But, no matter what admission the clerk in the case at bar may have made, his admission cannot bind appellant nor his attorney upon whom it reflects; and, unless it appears from a preponderance of the testimony that the filing of the statement of facts was antedated, as alleged, appellee is not entitled to have it stricken out; and we see no reason for holding that the statement of the clerk should override the equally solemn statements of both of appellant's attorneys. On the contrary, as the clerk had no more interest in this matter than in any other official transaction, and as it was the duty of the attorneys referred to to see that the statement of facts was filed within the time allowed by law, and as one of them is much more definite and specific than the clerk as to what actually transpired, and as that attorney states positively that he remembers that he, in person, delivered the statement of facts to the clerk on the 14th day of April, and the clerk's statement indicates that he has no definite recollection about it, we think the testimony in support of the motion is offset by that against it. It is true that the file mark on the original statement of facts which is now before us indicates that the right-hand figure has been changed, and the figure "4" written over something that was underneath; but we are unable to determine whether it was an "8" or some other figure that was written under the "4."

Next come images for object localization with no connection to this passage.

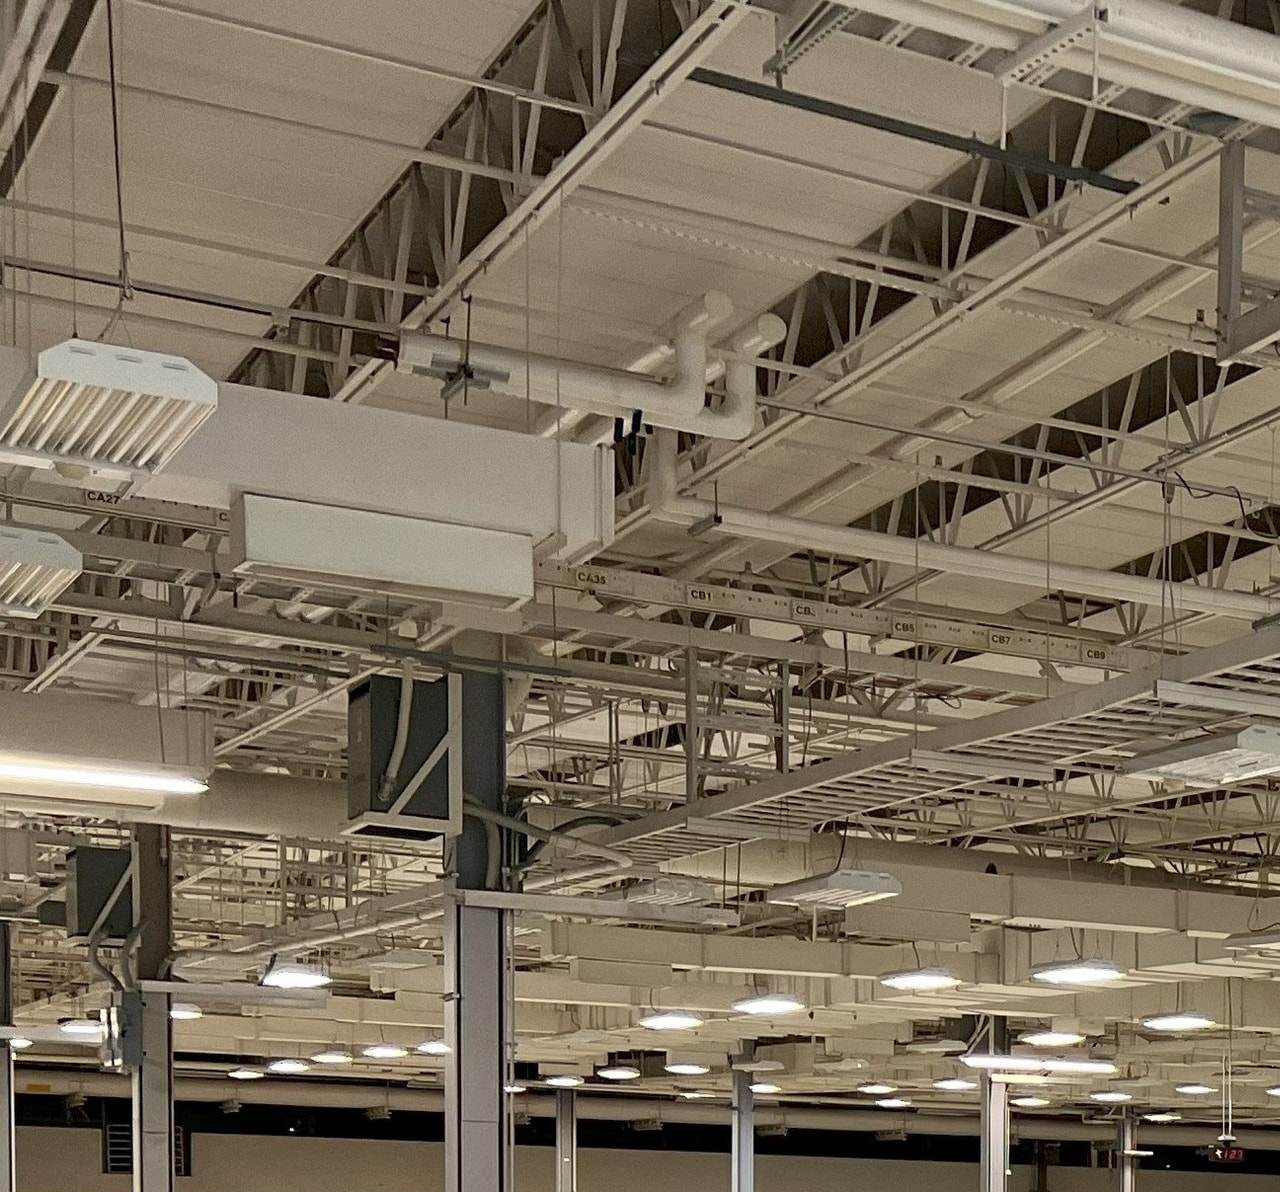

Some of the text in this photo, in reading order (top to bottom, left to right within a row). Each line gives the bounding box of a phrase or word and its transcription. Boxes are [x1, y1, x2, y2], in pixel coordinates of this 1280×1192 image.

[87, 491, 121, 505] CA27
[690, 589, 712, 601] CB1
[795, 605, 816, 617] CB
[894, 622, 915, 632] CB5
[991, 634, 1011, 644] CB7
[1086, 649, 1106, 660] CB9
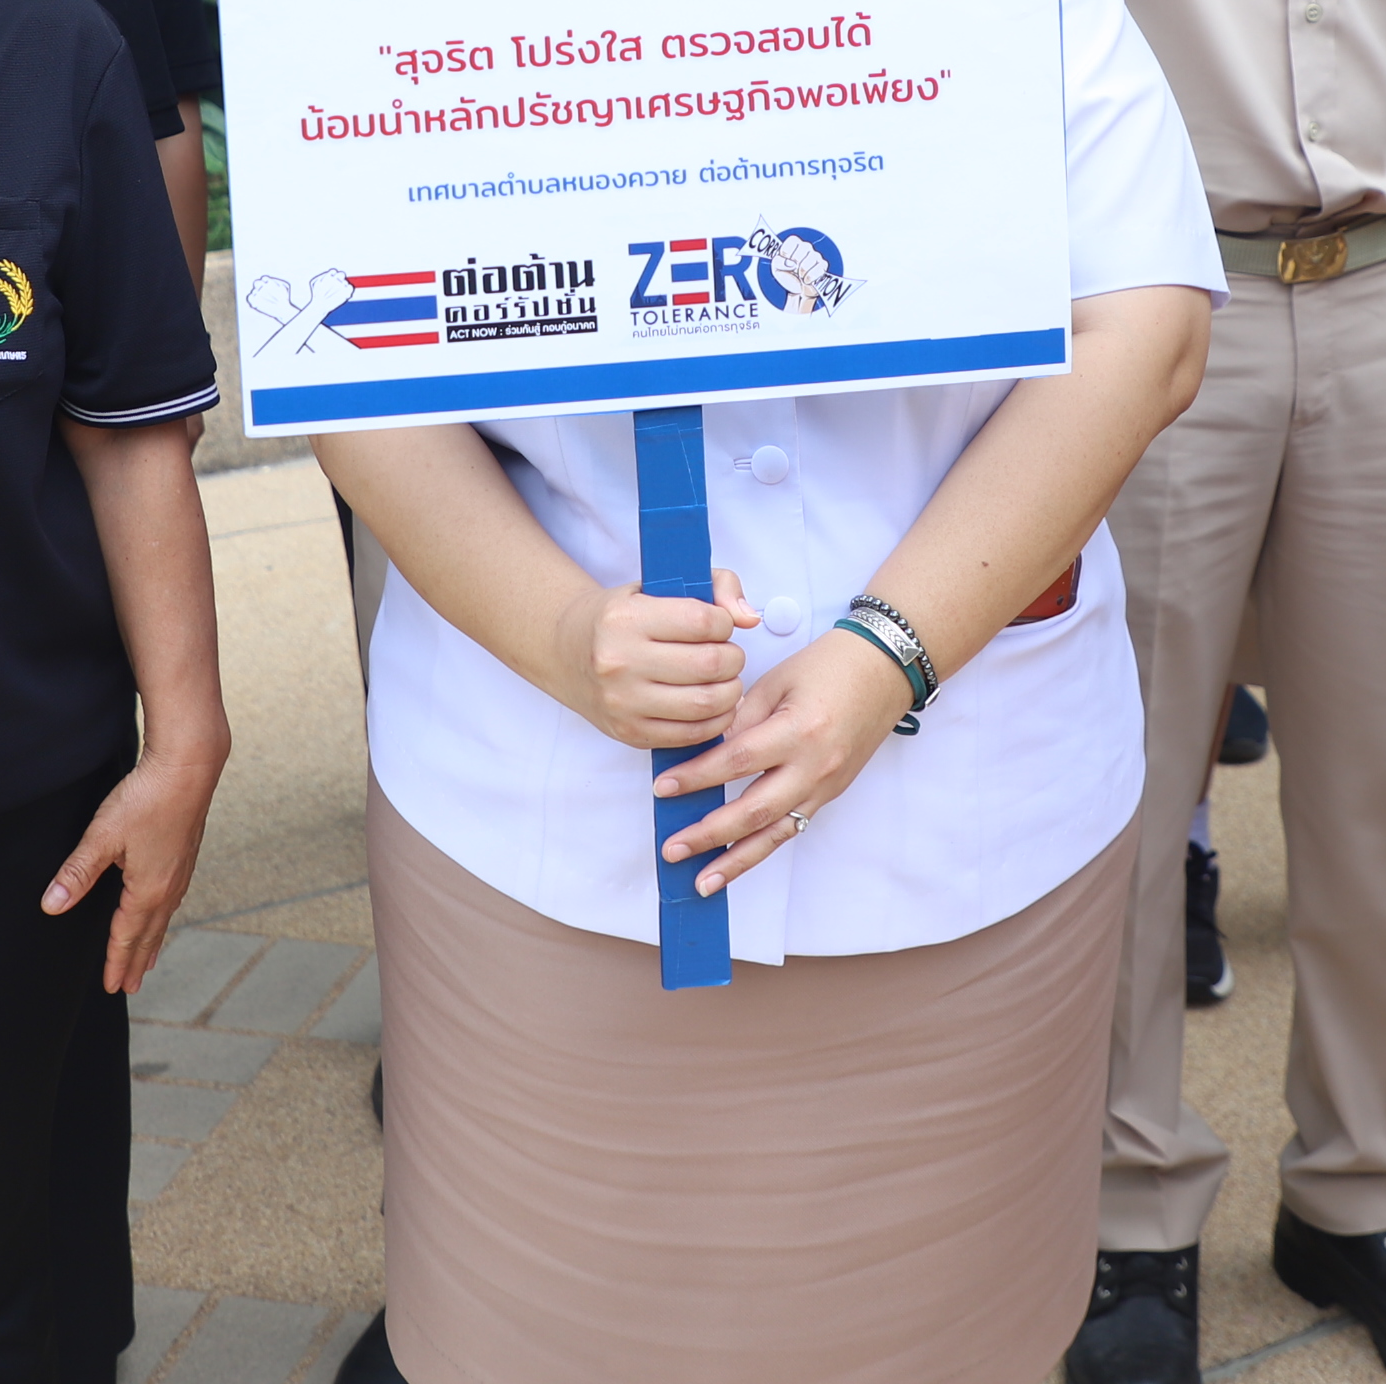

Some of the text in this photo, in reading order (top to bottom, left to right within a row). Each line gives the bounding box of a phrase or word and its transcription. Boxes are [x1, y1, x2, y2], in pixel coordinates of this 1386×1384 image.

In conclusion we deem it proper to say that, if the written statement of the clerk filed in this proceeding had not been controverted by testimony to the contrary, this court would have entered a rule requiring that officer to show cause why he should not have been punished for contempt of court.

Motion overruled.


Summaries of

Howard v. Gulf, C. S. F. Ry. Co.

Court of Civil Appeals of Texas
Mar 1, 1911
135 S.W. 707 (Tex. Civ. App. 1911)
Case details for

Howard v. Gulf, C. S. F. Ry. Co.

Case Details

Full title:HOWARD v. GULF. C. S. F. RY. CO

Court:Court of Civil Appeals of Texas

Date published: Mar 1, 1911

Citations

135 S.W. 707 (Tex. Civ. App. 1911)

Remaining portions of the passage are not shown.